**Entries provided:**
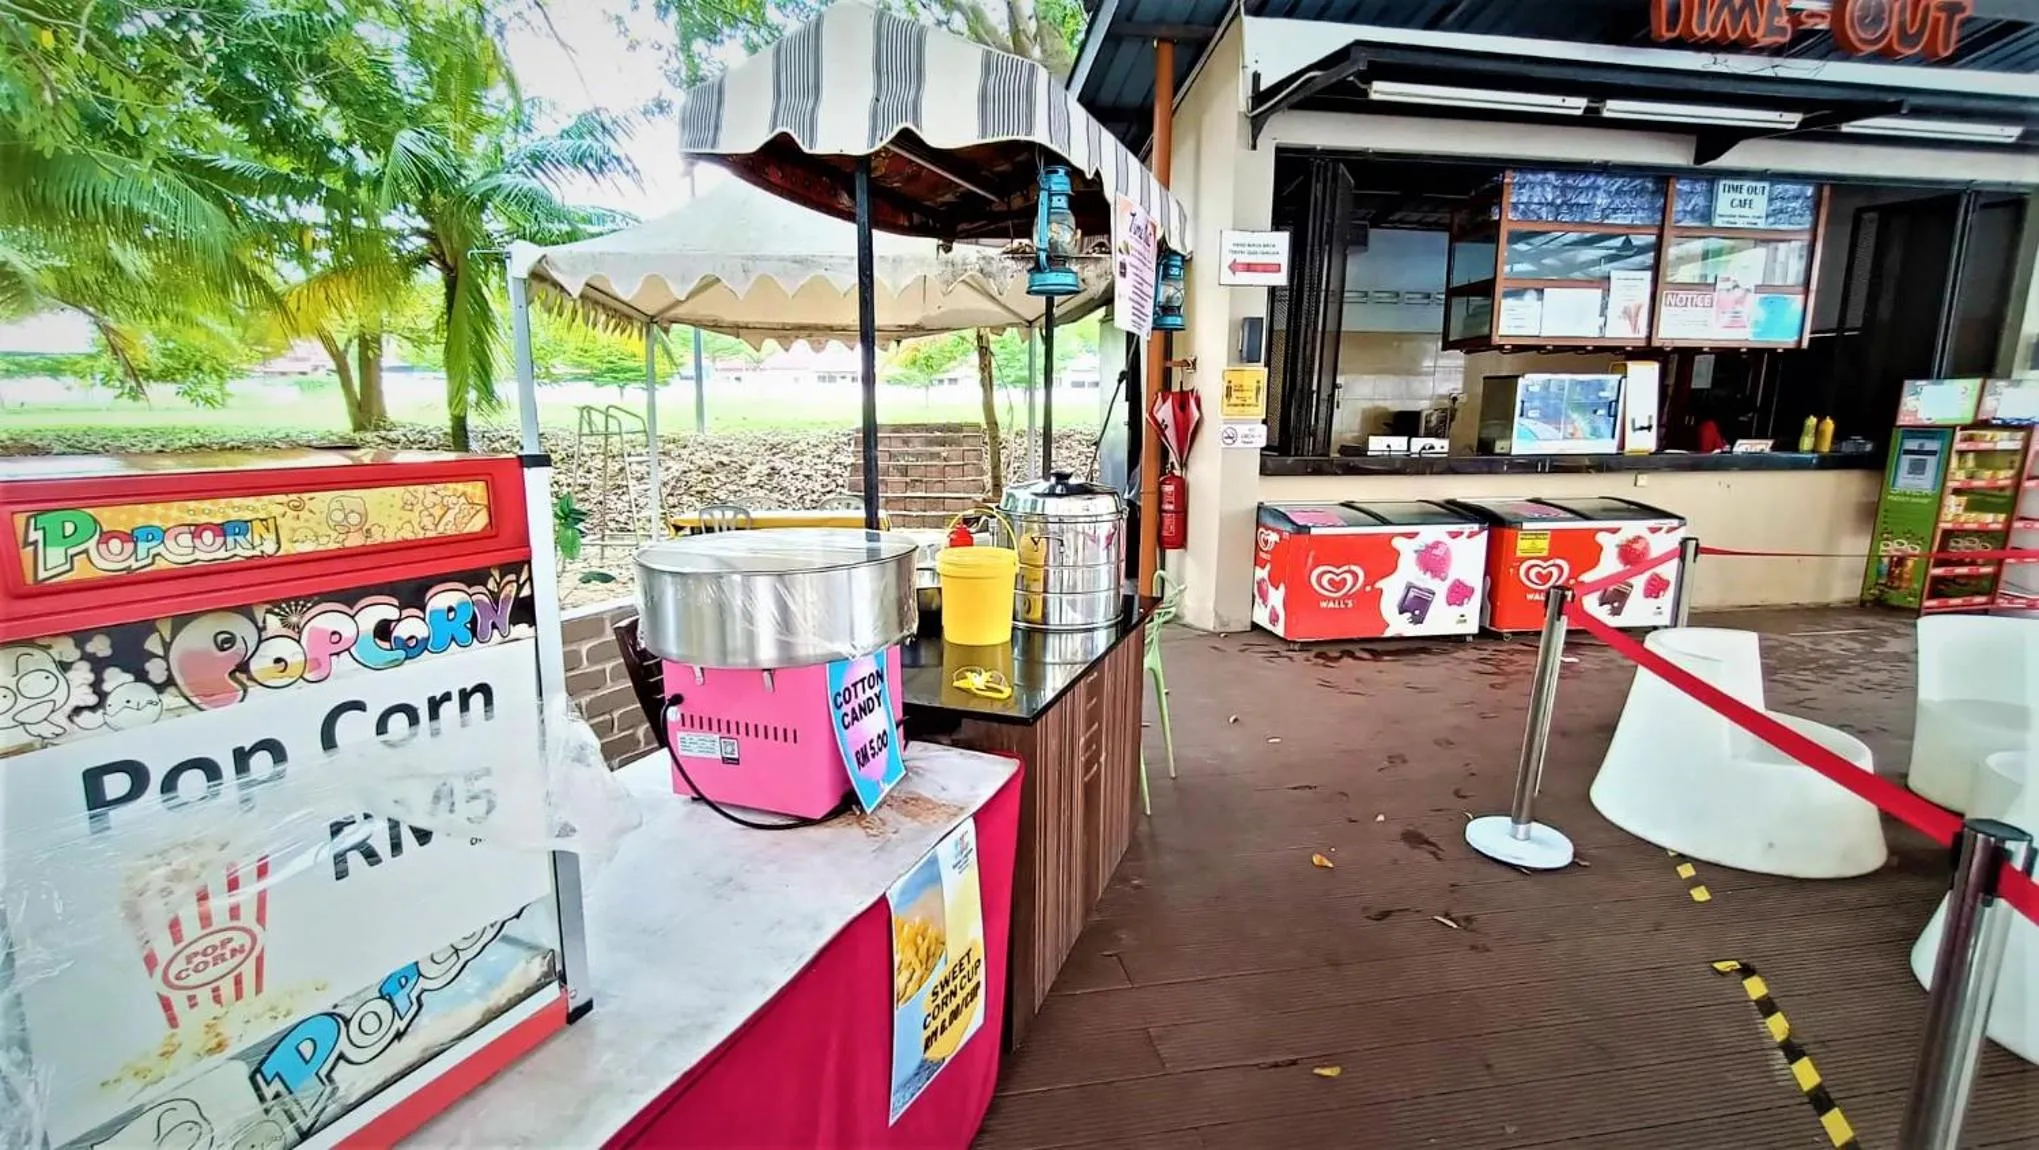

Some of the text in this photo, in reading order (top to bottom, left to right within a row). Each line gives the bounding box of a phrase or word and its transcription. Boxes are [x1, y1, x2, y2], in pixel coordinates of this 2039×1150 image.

[1722, 183, 1767, 196] TIME OUT
[1665, 293, 1713, 307] NOTICE
[24, 508, 281, 584] POPCORN
[168, 573, 518, 711] POPCORN
[833, 667, 884, 710] COTTON
[841, 689, 882, 730] CANDY
[82, 681, 496, 836] Pop Corn
[854, 729, 889, 772] RM 5.00
[175, 943, 246, 981] CORN
[186, 937, 234, 965] POP
[923, 958, 981, 1031] CORN CUP
[931, 947, 972, 1003] SWEET
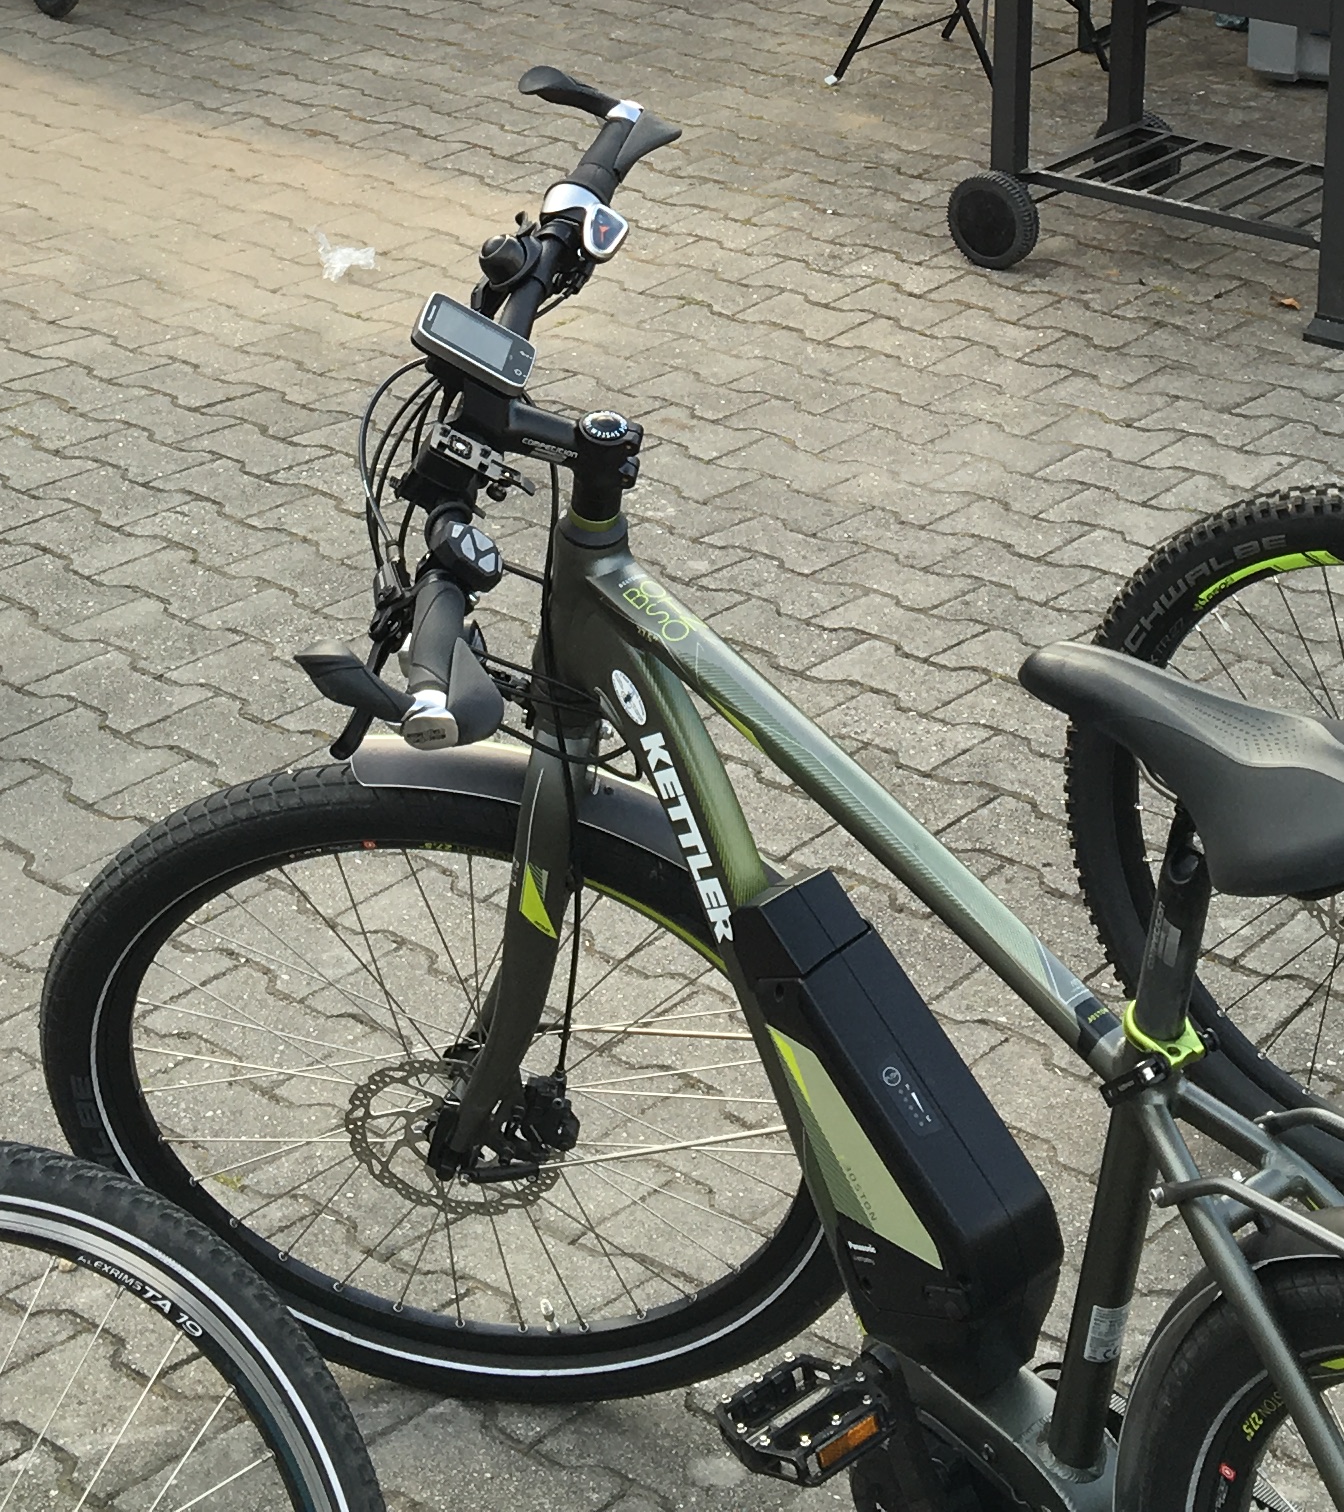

**Exercise prompt:** A verbatim transcription of the records, pictures excluded, is the required output.

**Result for this task:**
Some of the text in this photo, in reading order (top to bottom, left to right within a row). Each line gives the bounding box of a phrase or word and its transcription. Boxes are [x1, y1, x2, y2], in pixel coordinates of this 2039×1150 image.

[1722, 183, 1767, 196] TIME OUT
[1665, 293, 1713, 307] NOTICE
[24, 508, 281, 584] POPCORN
[168, 573, 518, 711] POPCORN
[833, 667, 884, 710] COTTON
[841, 689, 882, 730] CANDY
[82, 681, 496, 836] Pop Corn
[854, 729, 889, 772] RM 5.00
[175, 943, 246, 981] CORN
[186, 937, 234, 965] POP
[923, 958, 981, 1031] CORN CUP
[931, 947, 972, 1003] SWEET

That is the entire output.